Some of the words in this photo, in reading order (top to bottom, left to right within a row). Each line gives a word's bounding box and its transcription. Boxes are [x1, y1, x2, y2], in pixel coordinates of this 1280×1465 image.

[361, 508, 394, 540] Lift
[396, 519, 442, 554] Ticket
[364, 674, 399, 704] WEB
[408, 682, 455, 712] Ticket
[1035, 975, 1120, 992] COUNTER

────────

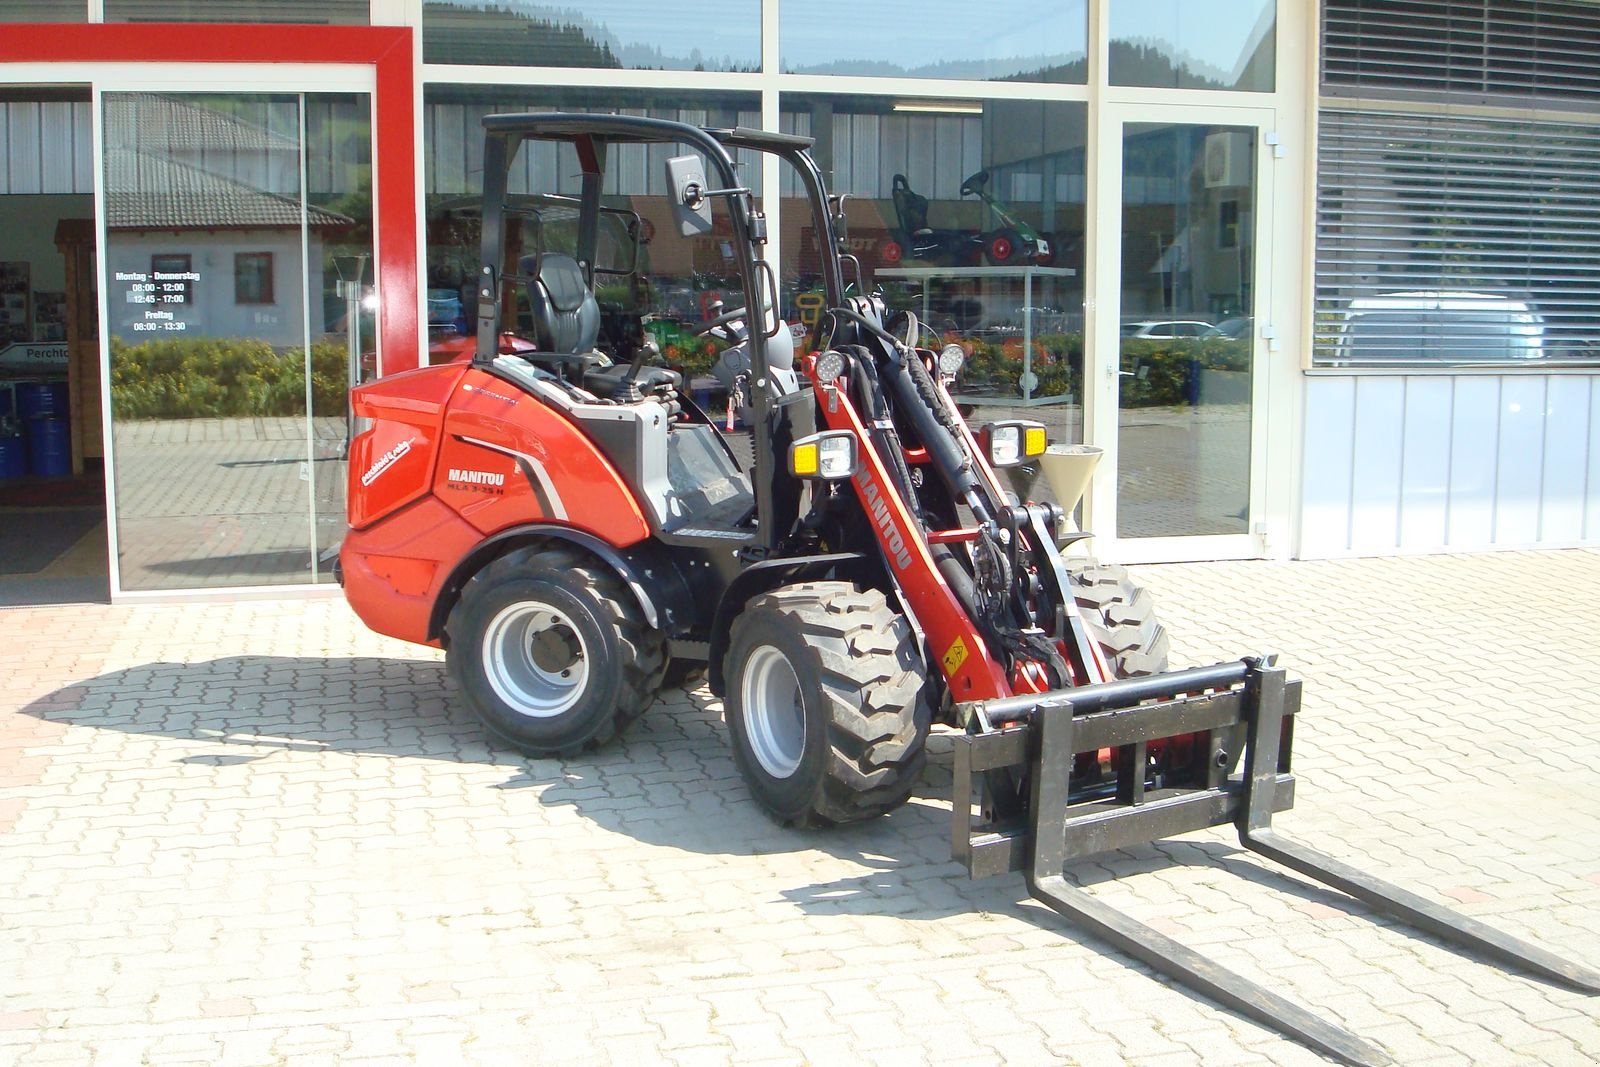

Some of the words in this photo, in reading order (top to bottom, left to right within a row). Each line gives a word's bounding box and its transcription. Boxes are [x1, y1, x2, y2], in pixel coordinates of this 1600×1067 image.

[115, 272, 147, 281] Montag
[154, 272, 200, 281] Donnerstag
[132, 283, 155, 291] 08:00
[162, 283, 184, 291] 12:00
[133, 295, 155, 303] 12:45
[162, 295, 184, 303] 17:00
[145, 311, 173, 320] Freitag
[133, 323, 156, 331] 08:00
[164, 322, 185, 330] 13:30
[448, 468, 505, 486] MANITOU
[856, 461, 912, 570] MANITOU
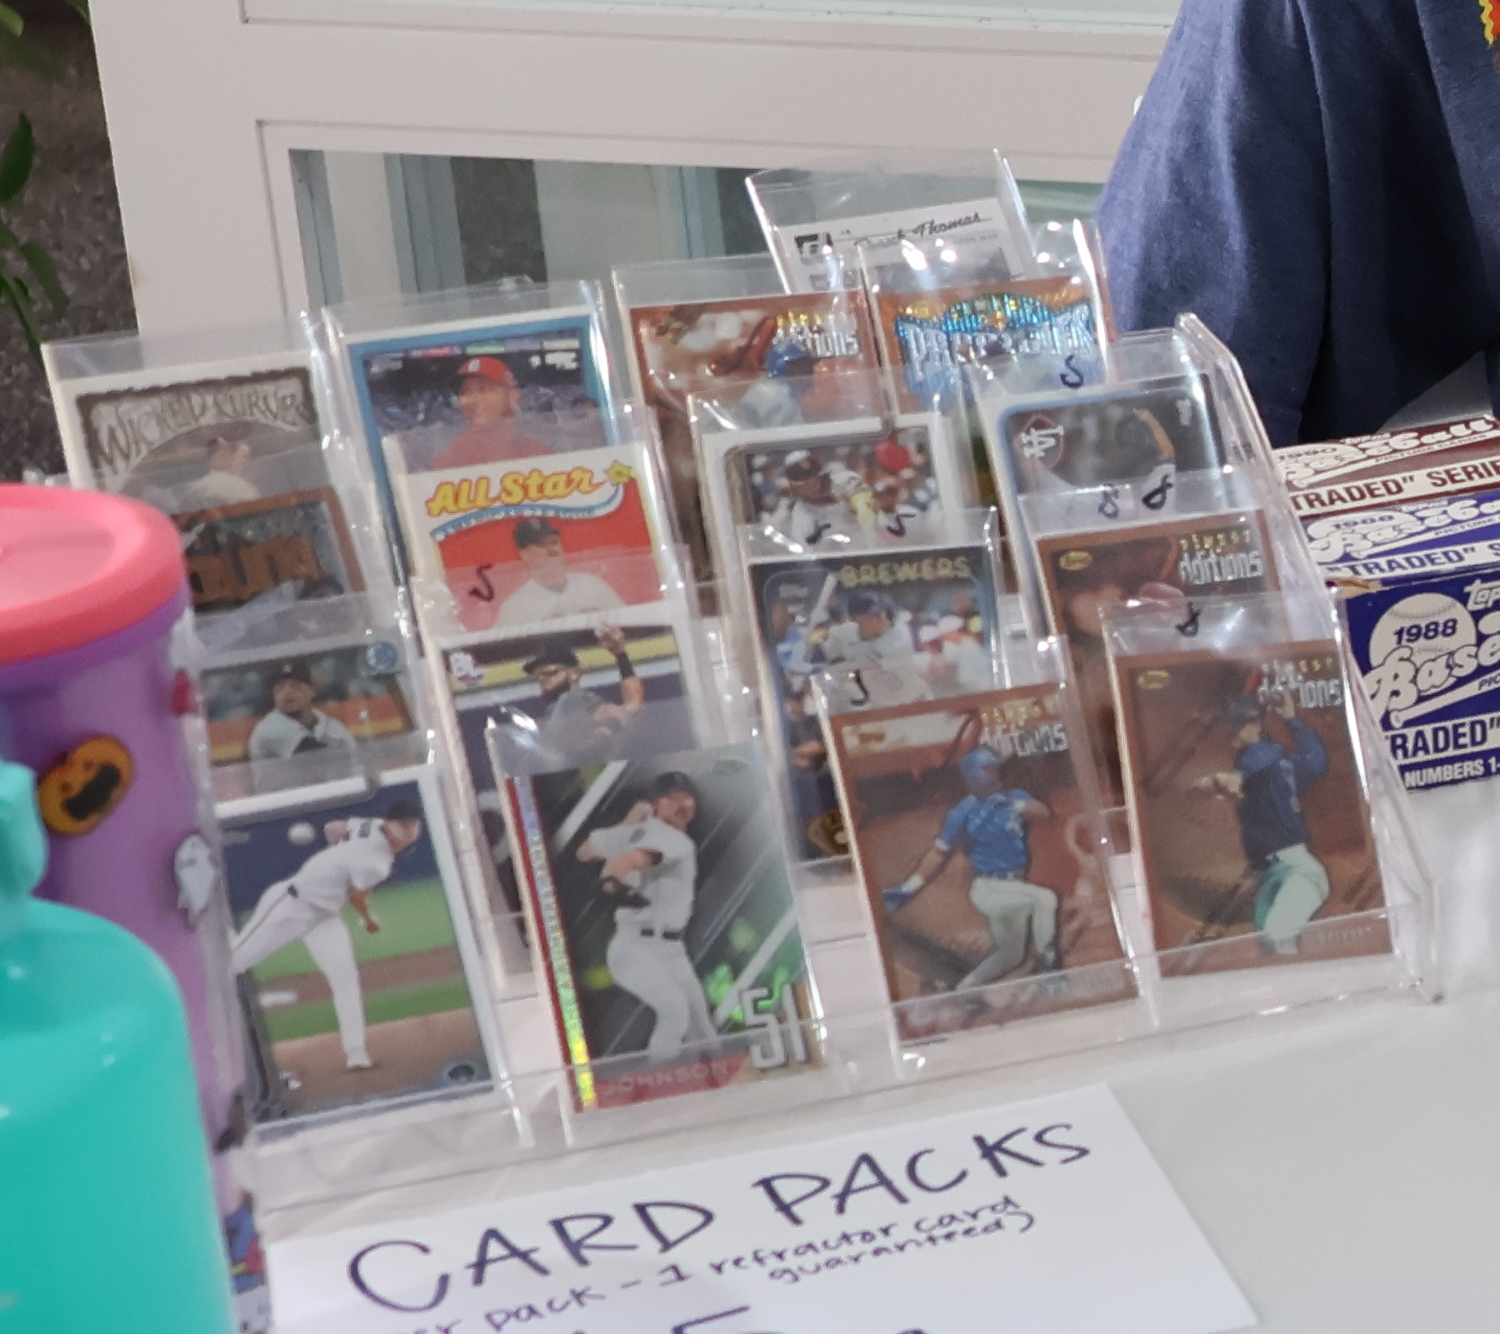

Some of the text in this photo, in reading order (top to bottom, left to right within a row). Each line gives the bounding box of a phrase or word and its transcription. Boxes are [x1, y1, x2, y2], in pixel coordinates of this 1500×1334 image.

────────

▸ **WHAT THE EXERCISE ASKS**
With the pictures omitted, copy the entries above exactly from the line containing "this 1600×1067 image." through the line containing "Some of the text", both lines included.

▸ **EXERCISE RESPONSE**
Some of the words in this photo, in reading order (top to bottom, left to right within a row). Each line gives a word's bounding box and its transcription. Boxes are [x1, y1, x2, y2], in pixel coordinates of this 1600×1067 image.

[115, 272, 147, 281] Montag
[154, 272, 200, 281] Donnerstag
[132, 283, 155, 291] 08:00
[162, 283, 184, 291] 12:00
[133, 295, 155, 303] 12:45
[162, 295, 184, 303] 17:00
[145, 311, 173, 320] Freitag
[133, 323, 156, 331] 08:00
[164, 322, 185, 330] 13:30
[448, 468, 505, 486] MANITOU
[856, 461, 912, 570] MANITOU

Some of the text in this photo, in reading order (top to bottom, left to right within a row). Each line gives the bounding box of a phrase or word and its transcription. Boxes are [x1, y1, x2, y2], in pixel coordinates of this 1500×1334 image.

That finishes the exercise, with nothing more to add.